---------- Supplied records ----------

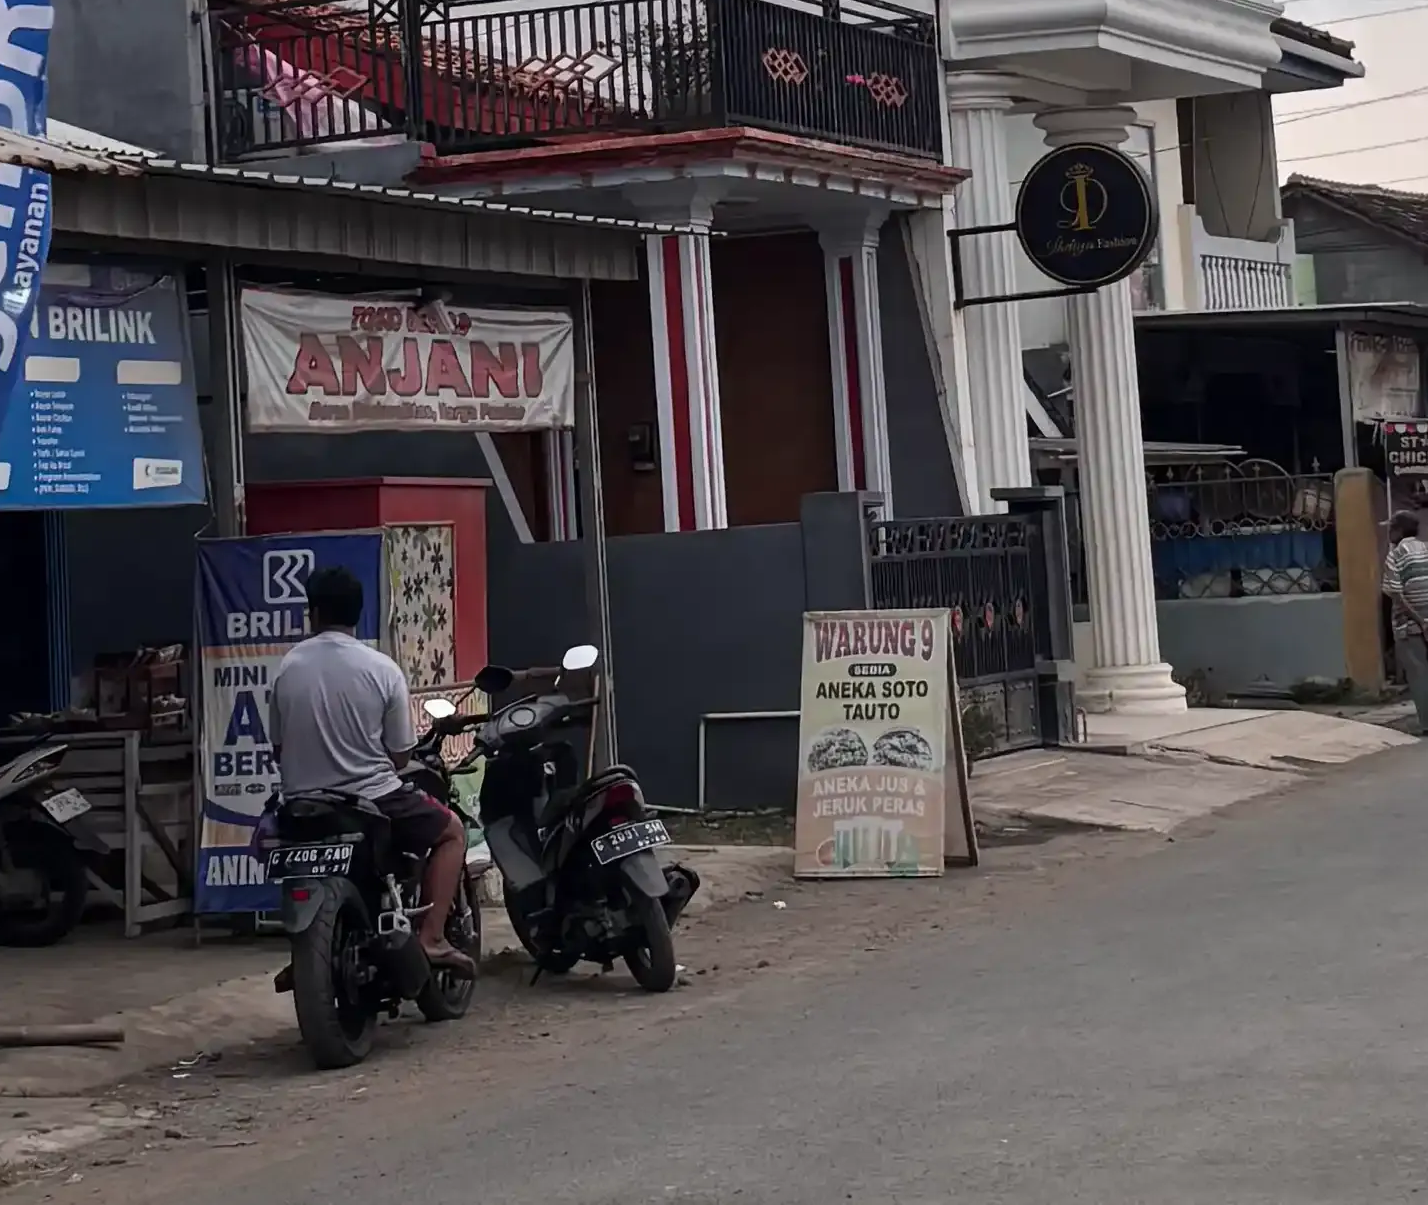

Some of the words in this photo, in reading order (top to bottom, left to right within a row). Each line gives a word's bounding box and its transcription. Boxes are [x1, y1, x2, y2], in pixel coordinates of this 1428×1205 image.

[47, 306, 157, 345] BRILINK
[285, 331, 544, 399] ANJANI
[815, 619, 916, 662] WARUNG
[921, 620, 934, 662] 9
[213, 666, 268, 689] MINI
[816, 680, 877, 699] ANEKA
[882, 680, 929, 698] SOTO
[843, 703, 901, 721] TAUTO
[812, 776, 871, 797] ANEKA
[876, 777, 909, 794] JUS
[813, 796, 868, 819] JERUK
[872, 796, 925, 818] PERAS

----------

(What is expected) An exact, image-free transcription of all the records above is needed.

(Output for this task)
Some of the words in this photo, in reading order (top to bottom, left to right within a row). Each line gives a word's bounding box and its transcription. Boxes are [x1, y1, x2, y2], in pixel coordinates of this 1428×1205 image.

[47, 306, 157, 345] BRILINK
[285, 331, 544, 399] ANJANI
[815, 619, 916, 662] WARUNG
[921, 620, 934, 662] 9
[213, 666, 268, 689] MINI
[816, 680, 877, 699] ANEKA
[882, 680, 929, 698] SOTO
[843, 703, 901, 721] TAUTO
[812, 776, 871, 797] ANEKA
[876, 777, 909, 794] JUS
[813, 796, 868, 819] JERUK
[872, 796, 925, 818] PERAS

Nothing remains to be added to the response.